# Task brief
Give the data below again exactly as written, without its pictures.

═════ Records to use

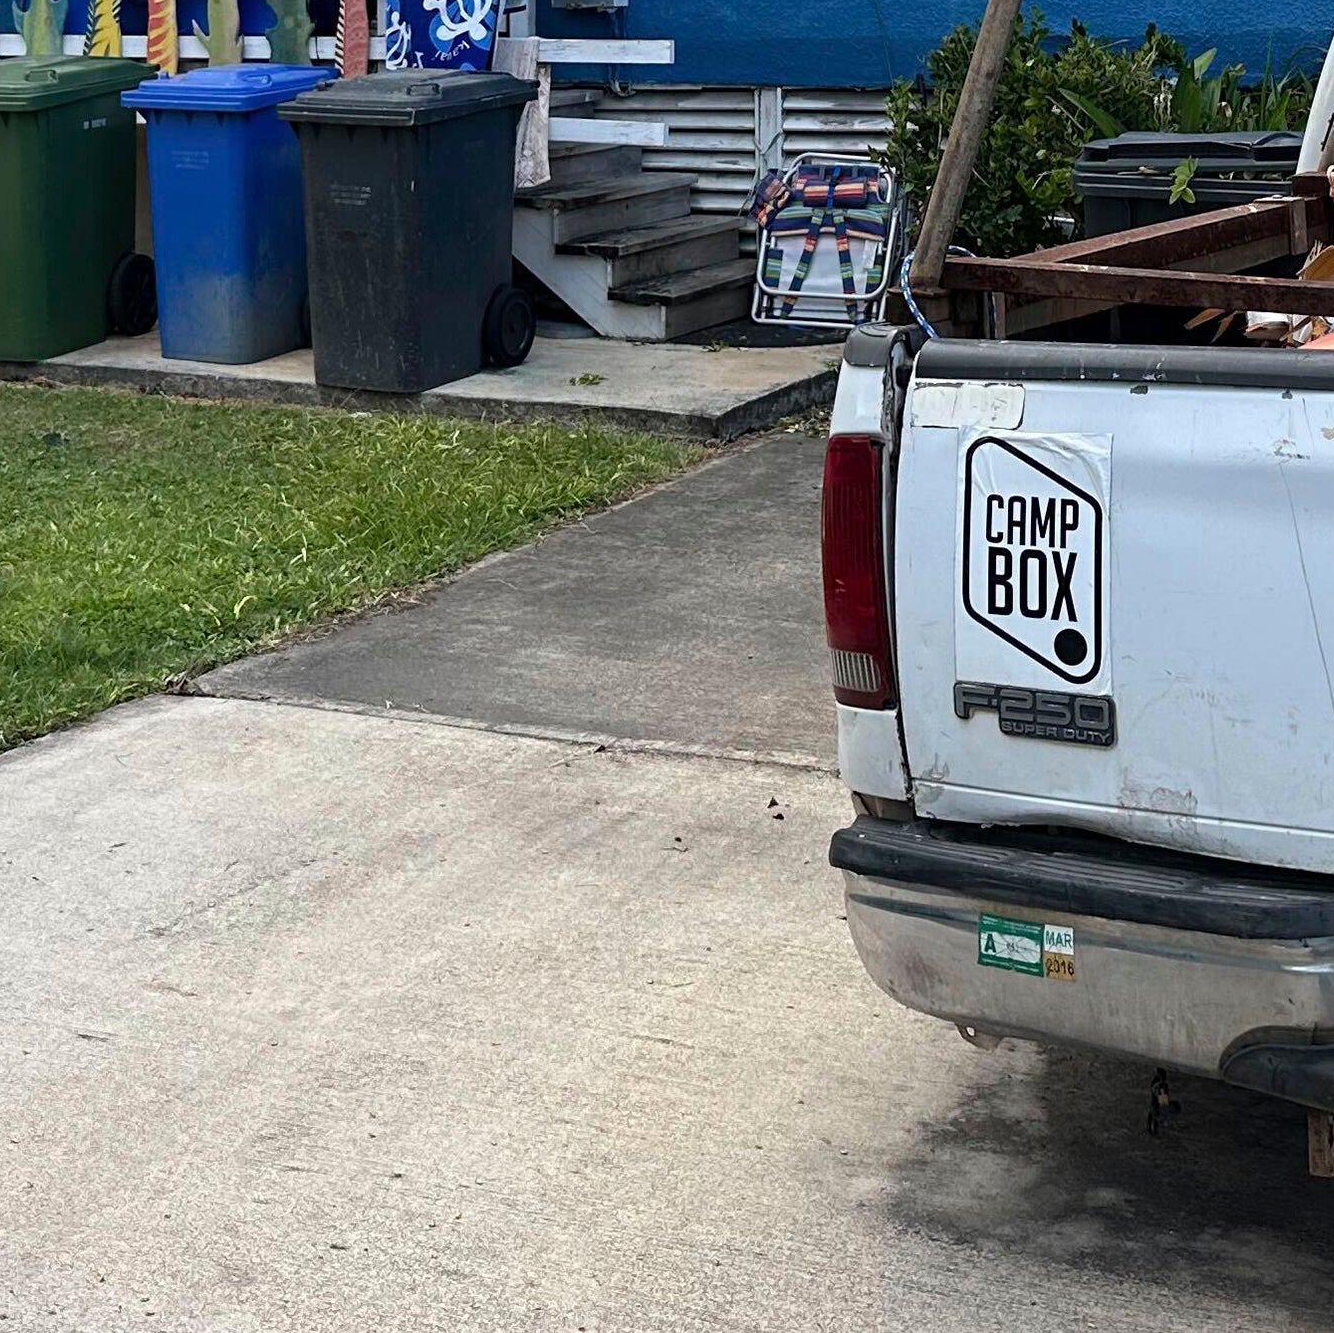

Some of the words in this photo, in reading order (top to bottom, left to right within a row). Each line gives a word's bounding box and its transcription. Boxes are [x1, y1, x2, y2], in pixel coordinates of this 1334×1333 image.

[985, 494, 1080, 549] CAMP
[987, 546, 1078, 622] BOX
[1001, 720, 1057, 737] SUPER
[1063, 728, 1110, 743] DUTY
[984, 933, 997, 953] A
[1045, 930, 1073, 949] MAR

══════════

# The completed task
Some of the words in this photo, in reading order (top to bottom, left to right within a row). Each line gives a word's bounding box and its transcription. Boxes are [x1, y1, x2, y2], in pixel coordinates of this 1334×1333 image.

[985, 494, 1080, 549] CAMP
[987, 546, 1078, 622] BOX
[1001, 720, 1057, 737] SUPER
[1063, 728, 1110, 743] DUTY
[984, 933, 997, 953] A
[1045, 930, 1073, 949] MAR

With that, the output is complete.